多数据源上Skyline-Join查询的高效处理

高效处理天际线查询已经成为人们越来越感兴趣的一个领域。许多早期的skyline技术都假定skyline查询应用于单个数据表。当然，这些算法不适合许多应用程序，其中skyline查询可能涉及属于多个数据源的属性。换句话说，如果skyline查询中使用的数据存储在多个表中，那么在搜索skyline之前将需要进行连接操作。在多个数据源上计算天际线的任务被称为天际线连接问题，并提出了各种天际线连接算法。然而，目前的建议有几个缺点:它们经常需要彻底扫描输入表以获得skyline-join结果集;此外，用于消除元组的修剪技术主要基于昂贵的成对元组到元组比较。在本文中，我们的目标是通过提出两种新的天际线连接算法来解决这些缺点，即天际线敏感连接(S2J)和对称天际线敏感连接(S3J)，以处理两个数据源上的天际线查询。我们的方法使用一种新的层/区域修剪技术(lr -剪枝)来计算结果，该技术修剪块中的连接空间，而不是单个数据点，从而避免了过多的成对点对点优势检查。此外，S3J算法利用早期停止条件，通过仅访问输入表的子集来成功计算天际线结果。除了S2J和S3J算法，我们还提出了S2 J-M和S3 J-M算法。这些算法扩展了S2J和S3J的双向天际线连接能力，以有效地处理两个以上数据源上的天际线连接查询。S2 J-M和S3 J-M利用扩展的lr -剪枝概念(称为M-way lr -剪枝)来计算在天际线处理过程中集成两个以上数据源的多路天际线连接。我们报告了大量的实验结果，证实了所提出的算法比最先进的天际线连接技术的优势。

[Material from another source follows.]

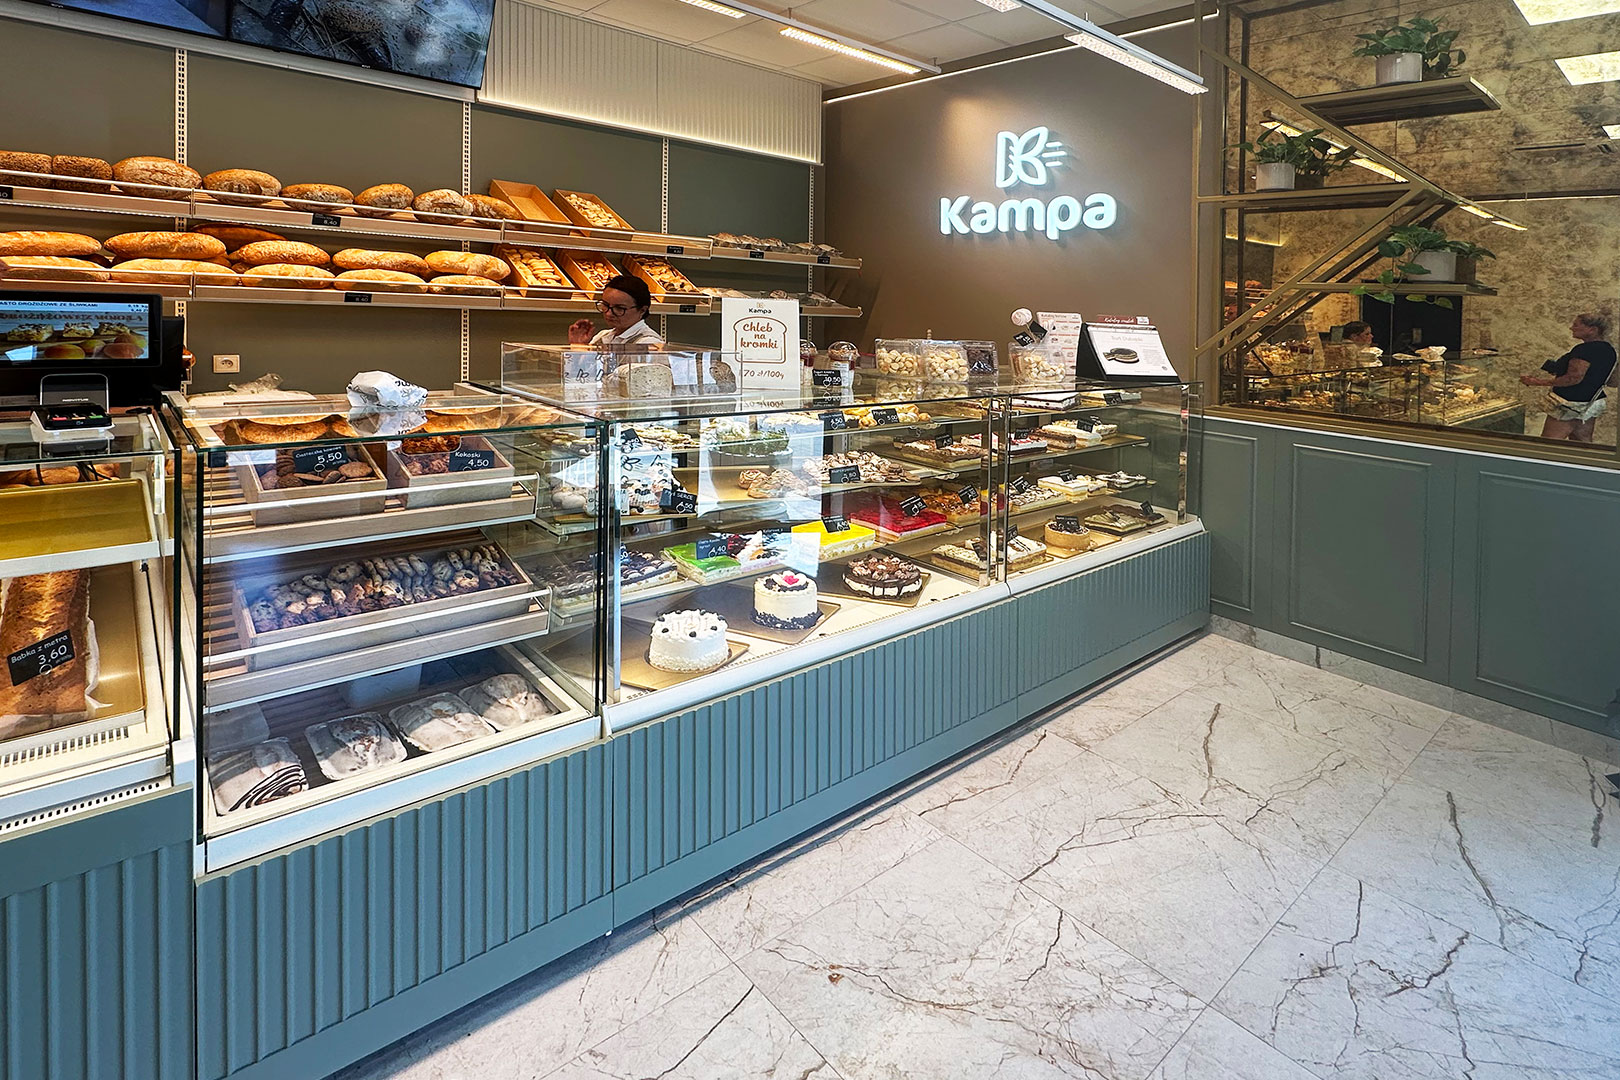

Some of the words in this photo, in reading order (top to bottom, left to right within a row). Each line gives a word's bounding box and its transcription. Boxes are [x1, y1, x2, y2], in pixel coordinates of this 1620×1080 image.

本文章由计算机程序翻译，如有差异，请以英文原文为准。

求助全文

约1分钟内获得全文求助全文

来源期刊

ACM Transactions on Database Systems 工程技术-计算机：软件工程

CiteScore

5.60

自引率

0.00%

发文量

审稿时长

>12 weeks

期刊介绍： Heavily used in both academic and corporate R&D settings, ACM Transactions on Database Systems (TODS) is a key publication for computer scientists working in data abstraction, data modeling, and designing data management systems. Topics include storage and retrieval, transaction management, distributed and federated databases, semantics of data, intelligent databases, and operations and algorithms relating to these areas. In this rapidly changing field, TODS provides insights into the thoughts of the best minds in database R&D.